Забавно найти здесь старые понятия удовольствия и просвещения, с помощью которых XVII век защищал поэзию, — они появляются вновь, в форме, типичной для аддисоновской эпохи, но едва ли более глубоки по содержанию. Аддисон замечает, что:

"Человек, обладающий развитым воображением, получает доступ к огромному количеству удовольствий, которые люди неразвитые неспособны получить. Он может разговаривать с картиной и общаться с картиной и обнаружить приятного компаньона в статуе. Описание приносит ему скрытое отдохновение, и часто он от одного вида полей и лугов испытывает больше удовлетворения, чем другой от владения ими".

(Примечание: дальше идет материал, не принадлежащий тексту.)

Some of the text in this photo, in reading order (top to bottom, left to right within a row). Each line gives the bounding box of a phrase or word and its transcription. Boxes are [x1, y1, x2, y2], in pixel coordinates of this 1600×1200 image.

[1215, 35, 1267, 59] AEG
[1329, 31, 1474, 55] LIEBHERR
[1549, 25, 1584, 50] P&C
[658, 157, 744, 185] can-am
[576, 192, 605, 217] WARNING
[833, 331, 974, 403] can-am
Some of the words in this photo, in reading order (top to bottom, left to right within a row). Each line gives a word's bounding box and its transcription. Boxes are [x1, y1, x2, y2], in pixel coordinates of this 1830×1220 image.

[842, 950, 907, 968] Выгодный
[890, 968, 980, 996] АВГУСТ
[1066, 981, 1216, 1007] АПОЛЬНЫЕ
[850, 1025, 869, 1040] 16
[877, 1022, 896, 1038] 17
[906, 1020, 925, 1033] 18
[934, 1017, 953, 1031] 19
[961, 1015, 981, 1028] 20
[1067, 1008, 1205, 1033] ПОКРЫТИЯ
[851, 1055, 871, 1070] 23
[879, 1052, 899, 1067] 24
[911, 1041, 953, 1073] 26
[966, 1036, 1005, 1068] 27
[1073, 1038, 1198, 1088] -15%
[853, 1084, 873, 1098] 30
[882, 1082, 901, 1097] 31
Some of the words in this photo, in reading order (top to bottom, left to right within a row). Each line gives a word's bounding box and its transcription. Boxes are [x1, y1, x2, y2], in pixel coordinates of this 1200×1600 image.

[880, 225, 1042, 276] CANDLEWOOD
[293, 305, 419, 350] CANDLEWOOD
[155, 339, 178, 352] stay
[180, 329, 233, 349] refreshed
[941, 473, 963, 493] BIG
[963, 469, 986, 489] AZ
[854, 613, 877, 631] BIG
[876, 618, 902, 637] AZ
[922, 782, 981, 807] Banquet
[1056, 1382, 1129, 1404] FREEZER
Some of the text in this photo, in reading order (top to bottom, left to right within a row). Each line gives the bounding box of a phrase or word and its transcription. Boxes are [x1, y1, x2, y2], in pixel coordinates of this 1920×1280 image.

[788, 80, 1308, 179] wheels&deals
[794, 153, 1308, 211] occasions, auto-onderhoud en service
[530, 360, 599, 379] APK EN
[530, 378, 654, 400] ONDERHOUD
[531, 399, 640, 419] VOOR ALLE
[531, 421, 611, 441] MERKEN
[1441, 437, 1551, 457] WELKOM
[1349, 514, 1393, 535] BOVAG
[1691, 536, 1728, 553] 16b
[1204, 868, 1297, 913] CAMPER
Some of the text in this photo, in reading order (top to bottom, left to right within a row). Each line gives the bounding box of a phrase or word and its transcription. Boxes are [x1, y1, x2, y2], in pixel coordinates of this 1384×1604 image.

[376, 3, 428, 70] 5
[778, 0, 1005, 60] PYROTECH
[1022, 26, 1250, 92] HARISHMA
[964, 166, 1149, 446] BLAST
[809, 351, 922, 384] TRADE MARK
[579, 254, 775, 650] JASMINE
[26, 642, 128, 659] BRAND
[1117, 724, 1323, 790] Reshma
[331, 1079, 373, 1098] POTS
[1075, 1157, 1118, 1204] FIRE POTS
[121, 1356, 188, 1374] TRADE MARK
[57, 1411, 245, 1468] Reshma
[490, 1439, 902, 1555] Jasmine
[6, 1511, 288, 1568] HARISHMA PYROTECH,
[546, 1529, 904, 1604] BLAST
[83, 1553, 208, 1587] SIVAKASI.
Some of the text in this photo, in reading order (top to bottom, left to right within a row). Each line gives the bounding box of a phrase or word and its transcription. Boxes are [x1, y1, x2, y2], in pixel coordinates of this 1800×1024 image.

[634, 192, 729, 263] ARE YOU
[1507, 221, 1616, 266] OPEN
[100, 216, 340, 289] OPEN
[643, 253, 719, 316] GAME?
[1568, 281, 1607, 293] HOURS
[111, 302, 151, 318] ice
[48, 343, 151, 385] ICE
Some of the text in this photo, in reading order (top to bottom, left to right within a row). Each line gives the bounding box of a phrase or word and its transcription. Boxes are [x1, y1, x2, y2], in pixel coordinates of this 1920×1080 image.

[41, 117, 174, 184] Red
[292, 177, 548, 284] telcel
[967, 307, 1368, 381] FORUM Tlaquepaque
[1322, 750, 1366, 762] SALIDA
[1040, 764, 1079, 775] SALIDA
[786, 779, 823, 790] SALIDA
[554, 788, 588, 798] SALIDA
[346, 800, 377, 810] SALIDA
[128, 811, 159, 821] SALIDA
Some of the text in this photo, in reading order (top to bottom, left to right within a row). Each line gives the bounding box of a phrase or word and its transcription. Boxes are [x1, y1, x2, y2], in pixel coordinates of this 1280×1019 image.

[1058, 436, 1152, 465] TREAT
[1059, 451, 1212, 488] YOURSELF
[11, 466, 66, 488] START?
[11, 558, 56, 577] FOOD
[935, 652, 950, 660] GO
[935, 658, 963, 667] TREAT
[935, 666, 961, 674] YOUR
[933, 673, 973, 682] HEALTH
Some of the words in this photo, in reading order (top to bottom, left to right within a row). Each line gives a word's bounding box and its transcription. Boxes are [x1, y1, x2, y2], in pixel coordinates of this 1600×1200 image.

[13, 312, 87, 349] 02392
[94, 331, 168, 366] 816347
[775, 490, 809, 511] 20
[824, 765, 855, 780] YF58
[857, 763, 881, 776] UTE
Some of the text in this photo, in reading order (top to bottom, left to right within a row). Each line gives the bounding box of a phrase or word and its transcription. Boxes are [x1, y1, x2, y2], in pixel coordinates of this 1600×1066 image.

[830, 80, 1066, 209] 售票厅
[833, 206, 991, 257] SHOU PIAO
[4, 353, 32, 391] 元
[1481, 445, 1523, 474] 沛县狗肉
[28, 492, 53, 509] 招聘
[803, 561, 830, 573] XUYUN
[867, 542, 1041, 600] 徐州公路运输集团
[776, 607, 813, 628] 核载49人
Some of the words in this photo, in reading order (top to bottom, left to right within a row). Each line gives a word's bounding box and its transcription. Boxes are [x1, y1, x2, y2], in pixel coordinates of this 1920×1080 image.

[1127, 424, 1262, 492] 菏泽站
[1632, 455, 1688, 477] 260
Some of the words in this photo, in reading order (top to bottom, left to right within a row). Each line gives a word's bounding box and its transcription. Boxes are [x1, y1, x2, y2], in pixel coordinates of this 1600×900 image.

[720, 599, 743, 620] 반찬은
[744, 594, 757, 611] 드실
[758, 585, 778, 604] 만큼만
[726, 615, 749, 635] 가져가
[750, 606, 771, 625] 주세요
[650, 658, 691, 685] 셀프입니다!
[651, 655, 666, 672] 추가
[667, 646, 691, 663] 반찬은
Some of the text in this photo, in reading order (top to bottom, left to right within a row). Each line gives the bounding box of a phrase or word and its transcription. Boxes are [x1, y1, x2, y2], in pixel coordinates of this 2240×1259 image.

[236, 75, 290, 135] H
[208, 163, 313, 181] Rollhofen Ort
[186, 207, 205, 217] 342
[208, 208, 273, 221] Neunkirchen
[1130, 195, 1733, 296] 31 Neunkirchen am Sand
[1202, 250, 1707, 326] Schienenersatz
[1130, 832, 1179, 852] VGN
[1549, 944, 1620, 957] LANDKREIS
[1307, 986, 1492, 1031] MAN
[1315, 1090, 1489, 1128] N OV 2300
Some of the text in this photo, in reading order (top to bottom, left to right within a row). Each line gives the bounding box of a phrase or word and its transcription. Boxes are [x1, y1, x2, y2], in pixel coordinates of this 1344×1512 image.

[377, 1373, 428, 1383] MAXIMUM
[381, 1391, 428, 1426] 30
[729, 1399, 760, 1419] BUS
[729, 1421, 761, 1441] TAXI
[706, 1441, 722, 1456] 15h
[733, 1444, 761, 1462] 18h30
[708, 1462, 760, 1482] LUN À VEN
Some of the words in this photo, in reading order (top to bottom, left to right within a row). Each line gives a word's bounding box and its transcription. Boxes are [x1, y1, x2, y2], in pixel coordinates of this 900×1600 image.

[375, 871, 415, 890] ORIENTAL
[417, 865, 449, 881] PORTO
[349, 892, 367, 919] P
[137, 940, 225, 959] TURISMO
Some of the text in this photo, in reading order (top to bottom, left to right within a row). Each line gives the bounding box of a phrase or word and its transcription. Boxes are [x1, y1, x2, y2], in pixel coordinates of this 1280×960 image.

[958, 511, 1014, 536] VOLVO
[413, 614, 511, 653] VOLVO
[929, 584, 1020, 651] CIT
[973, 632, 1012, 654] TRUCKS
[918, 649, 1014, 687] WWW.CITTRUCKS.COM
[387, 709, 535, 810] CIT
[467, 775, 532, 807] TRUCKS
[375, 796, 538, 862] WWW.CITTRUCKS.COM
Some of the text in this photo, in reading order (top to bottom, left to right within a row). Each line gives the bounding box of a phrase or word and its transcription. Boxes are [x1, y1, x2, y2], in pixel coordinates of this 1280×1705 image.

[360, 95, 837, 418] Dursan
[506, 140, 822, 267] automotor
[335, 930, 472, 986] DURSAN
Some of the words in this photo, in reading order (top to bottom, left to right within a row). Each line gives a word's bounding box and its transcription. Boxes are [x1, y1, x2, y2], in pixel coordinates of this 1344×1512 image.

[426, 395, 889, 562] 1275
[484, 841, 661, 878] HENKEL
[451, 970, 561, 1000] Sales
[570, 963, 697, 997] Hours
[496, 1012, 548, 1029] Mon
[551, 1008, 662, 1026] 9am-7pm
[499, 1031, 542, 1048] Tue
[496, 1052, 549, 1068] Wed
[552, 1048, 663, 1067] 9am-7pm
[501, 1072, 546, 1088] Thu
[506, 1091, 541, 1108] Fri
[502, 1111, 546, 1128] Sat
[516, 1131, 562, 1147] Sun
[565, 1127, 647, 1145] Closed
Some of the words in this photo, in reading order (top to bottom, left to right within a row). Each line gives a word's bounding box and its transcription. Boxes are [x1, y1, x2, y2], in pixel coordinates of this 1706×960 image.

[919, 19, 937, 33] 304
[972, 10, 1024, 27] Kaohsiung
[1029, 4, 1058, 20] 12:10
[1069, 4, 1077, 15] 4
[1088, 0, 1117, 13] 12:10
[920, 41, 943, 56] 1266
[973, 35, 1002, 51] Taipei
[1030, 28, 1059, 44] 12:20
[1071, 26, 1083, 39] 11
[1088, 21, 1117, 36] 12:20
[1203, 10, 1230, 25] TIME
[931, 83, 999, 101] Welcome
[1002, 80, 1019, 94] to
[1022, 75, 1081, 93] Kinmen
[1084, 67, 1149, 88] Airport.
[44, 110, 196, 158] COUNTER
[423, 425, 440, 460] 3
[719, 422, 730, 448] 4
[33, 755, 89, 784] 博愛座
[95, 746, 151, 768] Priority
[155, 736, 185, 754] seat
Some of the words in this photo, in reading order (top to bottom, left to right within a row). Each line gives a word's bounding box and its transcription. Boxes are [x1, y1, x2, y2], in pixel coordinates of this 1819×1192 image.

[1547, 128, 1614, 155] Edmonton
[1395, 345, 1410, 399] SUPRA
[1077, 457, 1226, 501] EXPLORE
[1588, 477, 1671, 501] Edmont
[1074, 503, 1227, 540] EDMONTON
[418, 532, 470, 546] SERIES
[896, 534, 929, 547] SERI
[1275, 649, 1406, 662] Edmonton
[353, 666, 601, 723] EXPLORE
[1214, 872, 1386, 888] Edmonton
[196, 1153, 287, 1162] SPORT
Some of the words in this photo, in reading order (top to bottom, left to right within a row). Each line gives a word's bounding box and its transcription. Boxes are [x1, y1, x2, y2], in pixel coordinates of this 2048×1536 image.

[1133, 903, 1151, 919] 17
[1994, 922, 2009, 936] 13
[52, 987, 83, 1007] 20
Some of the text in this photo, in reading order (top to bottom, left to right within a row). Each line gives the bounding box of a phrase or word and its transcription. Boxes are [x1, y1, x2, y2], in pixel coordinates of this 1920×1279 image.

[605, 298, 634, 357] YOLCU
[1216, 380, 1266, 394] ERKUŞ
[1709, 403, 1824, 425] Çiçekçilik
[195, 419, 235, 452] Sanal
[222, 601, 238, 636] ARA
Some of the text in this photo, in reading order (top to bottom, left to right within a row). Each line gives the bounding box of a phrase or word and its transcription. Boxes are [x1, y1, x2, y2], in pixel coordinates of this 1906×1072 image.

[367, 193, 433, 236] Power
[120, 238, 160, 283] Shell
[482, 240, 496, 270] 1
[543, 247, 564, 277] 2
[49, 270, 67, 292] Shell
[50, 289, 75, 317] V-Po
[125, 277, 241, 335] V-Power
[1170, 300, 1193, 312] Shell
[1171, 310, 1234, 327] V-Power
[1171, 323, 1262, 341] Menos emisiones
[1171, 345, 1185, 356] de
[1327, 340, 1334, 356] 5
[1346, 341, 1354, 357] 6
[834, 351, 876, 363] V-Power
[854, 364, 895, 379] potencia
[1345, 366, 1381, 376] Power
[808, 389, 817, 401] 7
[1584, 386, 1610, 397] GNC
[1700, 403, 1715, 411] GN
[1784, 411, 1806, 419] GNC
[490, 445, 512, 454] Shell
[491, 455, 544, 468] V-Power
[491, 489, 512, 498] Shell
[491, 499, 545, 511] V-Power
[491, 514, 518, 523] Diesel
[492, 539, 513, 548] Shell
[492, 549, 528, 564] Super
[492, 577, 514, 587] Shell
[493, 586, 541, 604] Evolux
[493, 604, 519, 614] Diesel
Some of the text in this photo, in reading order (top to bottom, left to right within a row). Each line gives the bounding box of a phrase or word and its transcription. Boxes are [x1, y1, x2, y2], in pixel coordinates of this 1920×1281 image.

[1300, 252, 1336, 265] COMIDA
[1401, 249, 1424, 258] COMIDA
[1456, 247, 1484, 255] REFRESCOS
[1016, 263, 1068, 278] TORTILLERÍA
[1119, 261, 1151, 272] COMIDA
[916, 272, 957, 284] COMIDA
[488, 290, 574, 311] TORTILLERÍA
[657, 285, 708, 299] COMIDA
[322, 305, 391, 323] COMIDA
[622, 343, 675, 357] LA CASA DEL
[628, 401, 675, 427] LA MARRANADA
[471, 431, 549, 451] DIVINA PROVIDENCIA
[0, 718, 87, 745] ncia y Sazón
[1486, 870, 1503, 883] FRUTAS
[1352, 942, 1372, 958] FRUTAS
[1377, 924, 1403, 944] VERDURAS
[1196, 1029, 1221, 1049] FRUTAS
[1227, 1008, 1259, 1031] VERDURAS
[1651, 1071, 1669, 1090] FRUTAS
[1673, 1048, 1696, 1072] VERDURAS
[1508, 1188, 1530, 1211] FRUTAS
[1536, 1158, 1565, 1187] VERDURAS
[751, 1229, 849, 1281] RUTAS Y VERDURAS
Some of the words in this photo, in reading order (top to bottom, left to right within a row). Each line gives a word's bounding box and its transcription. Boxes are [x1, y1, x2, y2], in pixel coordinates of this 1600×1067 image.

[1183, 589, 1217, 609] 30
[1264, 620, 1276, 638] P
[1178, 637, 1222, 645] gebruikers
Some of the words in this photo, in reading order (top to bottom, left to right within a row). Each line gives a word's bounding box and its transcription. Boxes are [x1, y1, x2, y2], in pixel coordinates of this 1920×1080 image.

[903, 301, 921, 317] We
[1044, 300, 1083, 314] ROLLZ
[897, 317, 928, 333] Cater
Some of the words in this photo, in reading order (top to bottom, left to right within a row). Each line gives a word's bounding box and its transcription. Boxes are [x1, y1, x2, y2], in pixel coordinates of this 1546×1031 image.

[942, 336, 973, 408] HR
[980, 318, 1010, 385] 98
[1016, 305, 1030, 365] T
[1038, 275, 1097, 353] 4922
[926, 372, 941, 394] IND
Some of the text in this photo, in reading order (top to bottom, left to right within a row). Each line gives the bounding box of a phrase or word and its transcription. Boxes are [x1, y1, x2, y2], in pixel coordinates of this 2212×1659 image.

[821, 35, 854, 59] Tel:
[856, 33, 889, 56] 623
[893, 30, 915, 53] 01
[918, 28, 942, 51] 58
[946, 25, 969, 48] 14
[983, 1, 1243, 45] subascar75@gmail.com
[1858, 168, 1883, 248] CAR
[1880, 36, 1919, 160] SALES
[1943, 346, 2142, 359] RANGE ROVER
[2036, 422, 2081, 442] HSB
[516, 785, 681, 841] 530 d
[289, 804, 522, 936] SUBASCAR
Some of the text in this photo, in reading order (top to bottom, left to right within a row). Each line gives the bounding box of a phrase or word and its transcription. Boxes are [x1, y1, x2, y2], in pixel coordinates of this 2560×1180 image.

Акценты восемнадцатого века многое объясняют. Вместо придворного — человек с утонченным воображением. Думаю, Аддисон именно то, что называют джентльменом; он, можно сказать, не более, чем джентльмен. Удачная мысль — хвалить воображение за возможность наслаждаться статуей или какой-нибудь собственностью без необходимости платить за нее из своего кармана. И, как джентльмен, он очень низкого мнения о тех, кто не благороден:

"Если говорить правду, очень немного людей знает, как остаться свободным и простодушным, или иметь вкус к таким удовольствиям, которые не являются преступными".